| ACTION ITEM |
In the copy you make of the entries, no picture should appear, and every word must match.

| RECORDS FOR THE EXERCISE |

════

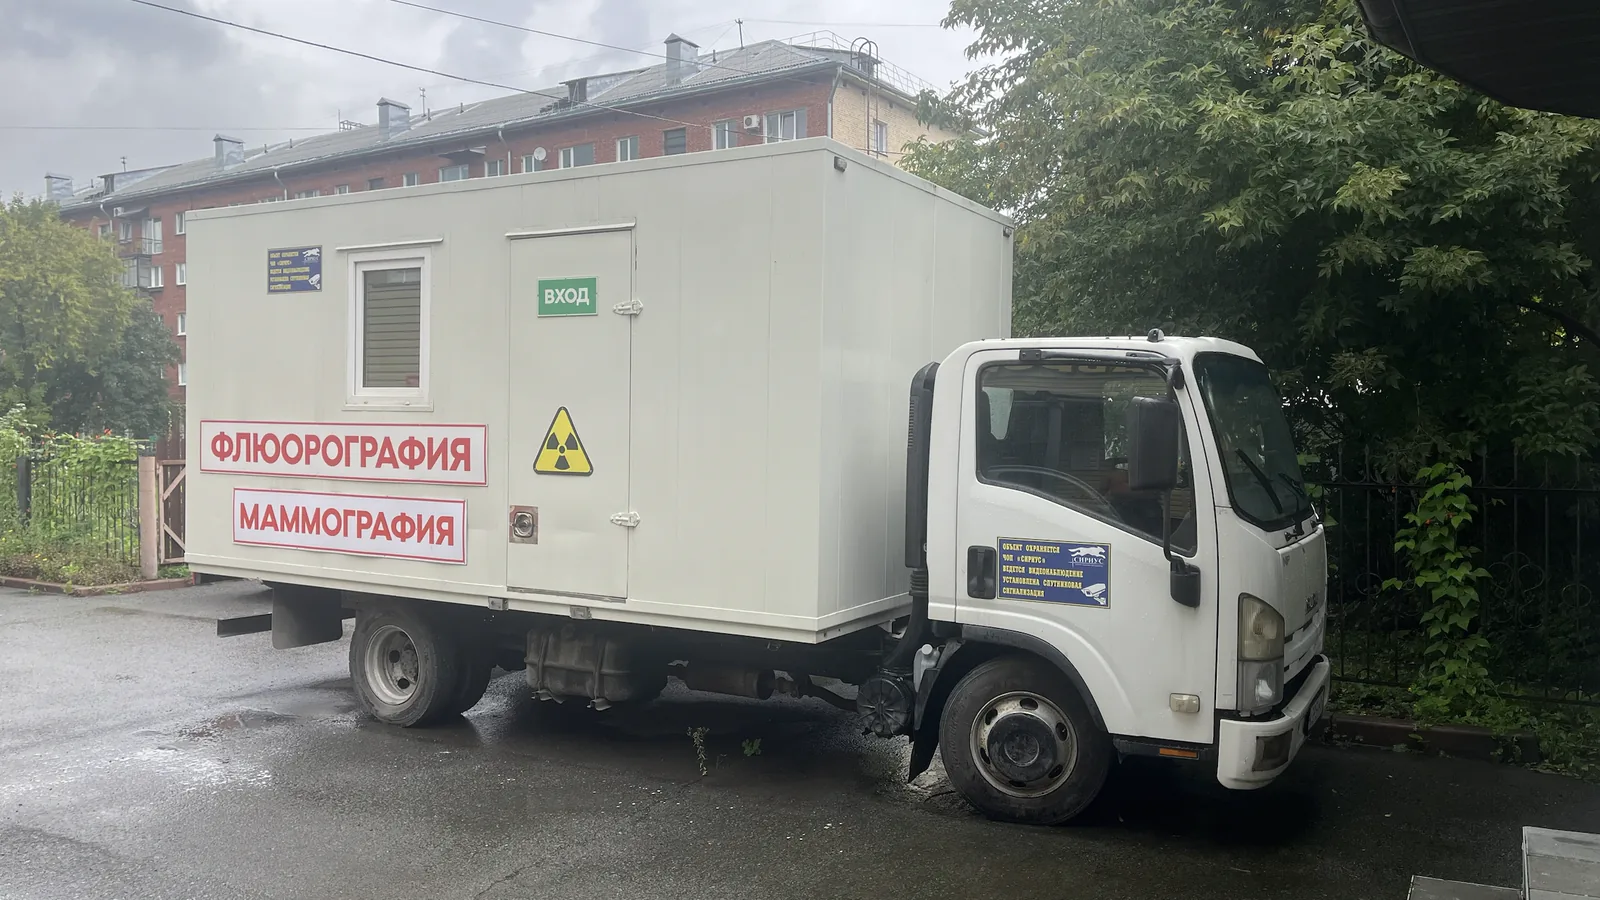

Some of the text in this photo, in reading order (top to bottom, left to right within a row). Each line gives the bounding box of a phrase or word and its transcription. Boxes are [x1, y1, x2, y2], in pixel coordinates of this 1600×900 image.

[544, 287, 590, 306] ВХОД
[210, 431, 471, 472] ФЛЮОРОГРАФИЯ
[239, 502, 454, 546] МАММОГРАФИЯ
[1026, 544, 1060, 554] ОХРАНЯЕТСЯ
[1074, 556, 1104, 564] СИРИУС
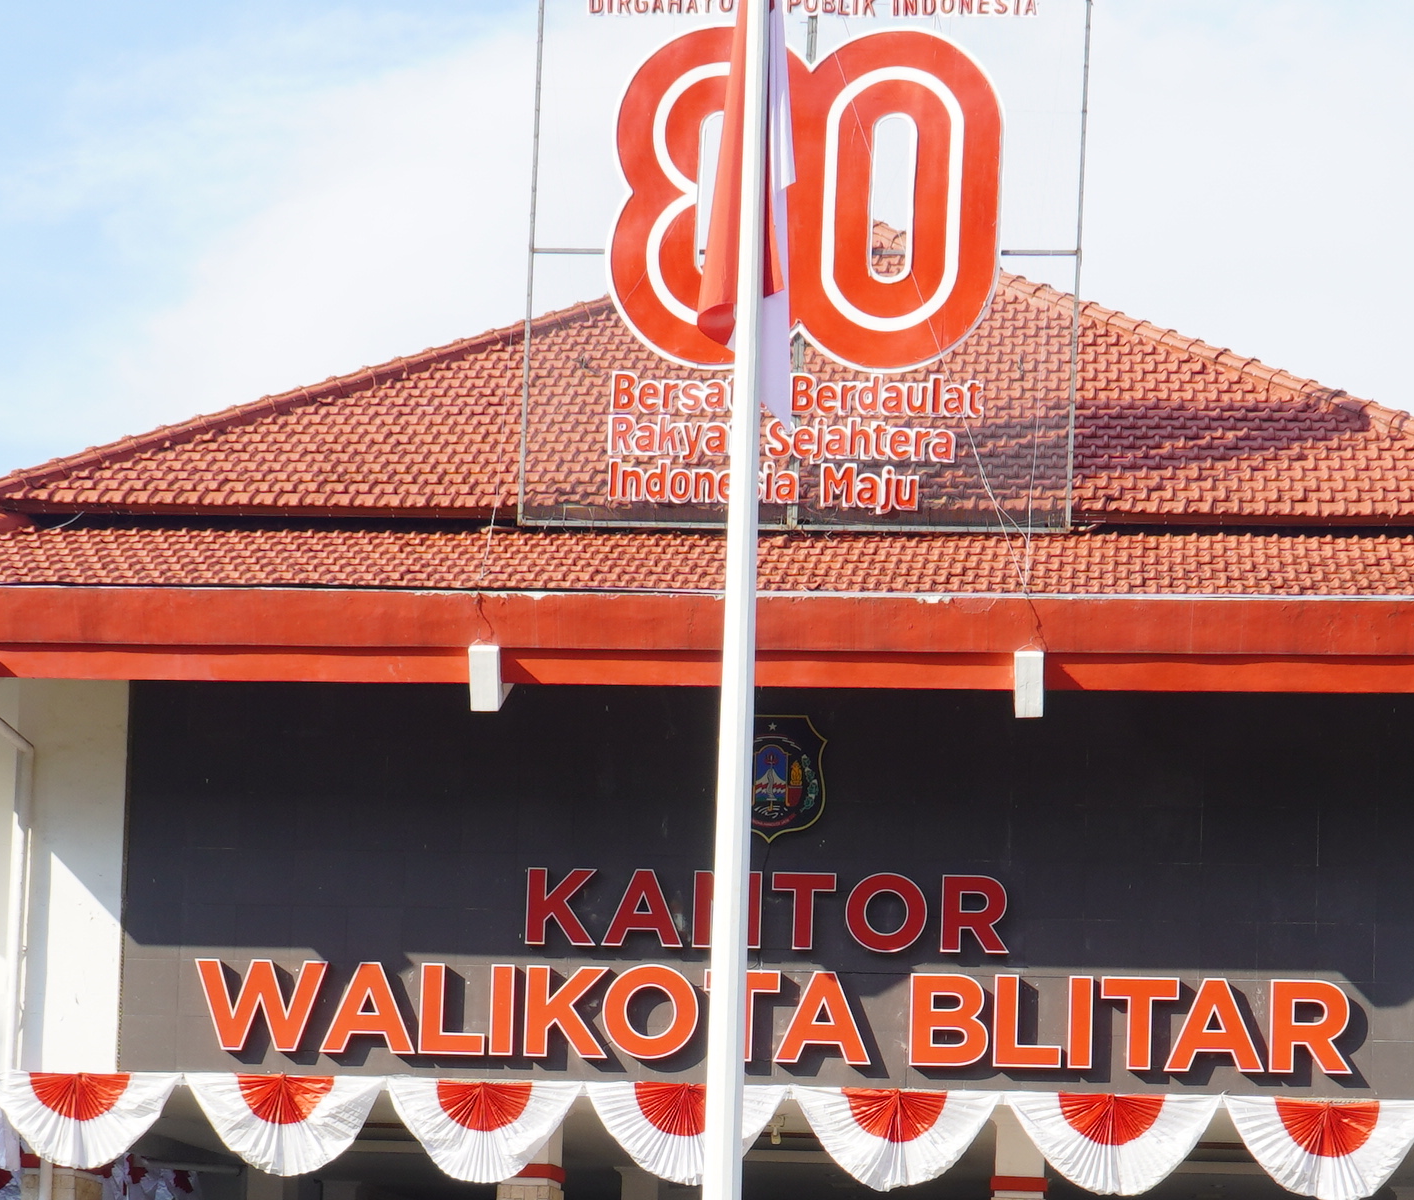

════

| PROBLEM SOLUTION |
Some of the text in this photo, in reading order (top to bottom, left to right within a row). Each line gives the bounding box of a phrase or word and its transcription. Boxes are [x1, y1, x2, y2], in pixel coordinates of this 1600×900 image.

[544, 287, 590, 306] ВХОД
[210, 431, 471, 472] ФЛЮОРОГРАФИЯ
[239, 502, 454, 546] МАММОГРАФИЯ
[1026, 544, 1060, 554] ОХРАНЯЕТСЯ
[1074, 556, 1104, 564] СИРИУС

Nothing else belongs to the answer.